Kanban from the Inside: 11. Systems Thinking, Complexity, and the Learning Organization

This series of short excerpts from my book, Kanban from the Inside has reached Part II (Models). For the next few chapters we look outside to other important bodies of knowledge.

Kanban-from-the-inside

I’m not going to reproduce here chapter 11’s tour through Systems Thinking and related fields—I’ll jump straight to some of my conclusions. If they leave you hungry for the detail, you’ll have to read the book!


The Method’s Design

Several elements of the Kanban Method have their roots in the models outlined in this chapter. In particular:

  • The transparency practices (Chapter 1) create new leverage points, making the system more open to challenge and improvement. Furthermore, they can promote self-organization, a strategy for resilience in the presence of uncertainty.
  • Core practice 5, Improve collaboratively, evolve experimentally, connectscollaboration (Chapter 3), knowledge, experimentation, shared learning, and evolutionary change.
  • Kanban shares with Lean (Chapter 13) a Systems Thinking approach to leadership(Chapter 6). In the long run, organizations get the leadership they deserve, the kind that their system recruits, encourages, and promotes. It follows that the most enduring organizations are those that have paid attention to this.
  • Albeit implicitly, the first foundational principle, start with what you do now, points both to Systems Thinking and to evolutionary change. I’ve added some extra emphasis by abstracting from this principle the understanding value (Chapter 7)—the goal is for organizations to value understanding and to have the discipline to make it the precursor to change.
  • Evolutionary change is explicit in the second foundational principle, agree to pursue incremental, evolutionary change (see Chapter 8, agreement).

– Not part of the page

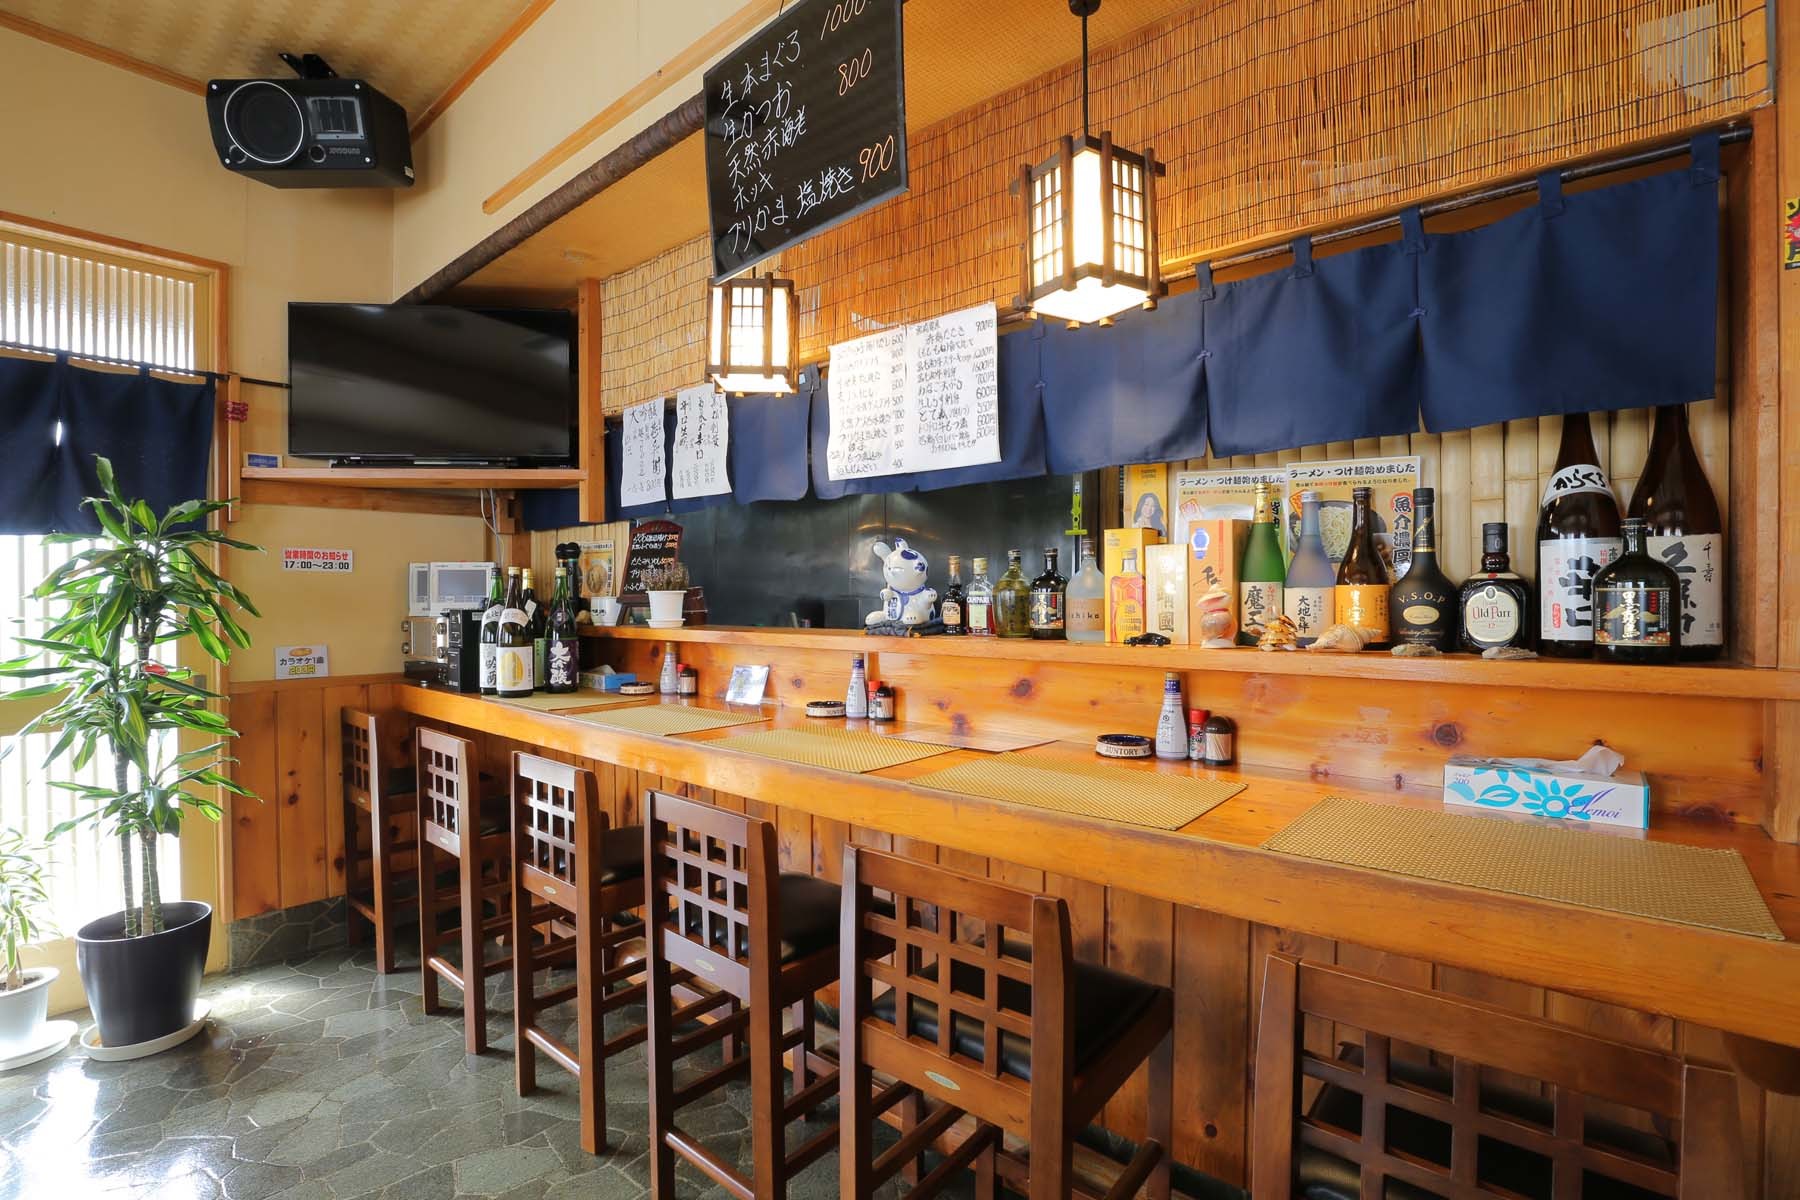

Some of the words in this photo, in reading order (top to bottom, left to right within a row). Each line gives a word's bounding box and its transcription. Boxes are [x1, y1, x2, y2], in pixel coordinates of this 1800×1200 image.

Earlier chapters have made it clear that the Kanban Method leaves room for interpretation. This is a strength. It is articulated sufficiently clearly for a community to rally around it, yet it is applied with sufficient diversity that its community continues to learn, to develop lower-level practices, and to share experiences. It is satisfying to observe that the Kanban community itself demonstrates in some measure all five of Senge’s characteristics of the Learning Organization.

Application

Neither Kanban nor Systems Thinking should be one-off exercises or specialist, “ivory tower” disciplines that are kept separate from where the “real work” is done. John Gall advises this (sometimes known as Gall’s law):

A complex system that works is invariably found to have evolved from a simple system that worked. The inverse proposition also appears to be true: A complex system designed from scratch never works and cannot be made to work. You have to start over, beginning with a working simple system[1].

Don’t worry that every step must be right first time. Keeping the system in motion withsafe-to-fail experiments, there’s a limit to how much harm any one step can do, and any local difficulties will soon shake out. Under these conditions, suboptimization—the localized improvement that makes things worse globally—is less a problem than the loss of momentum caused by fear of it. “The perfect is the enemy of the good,” as they say.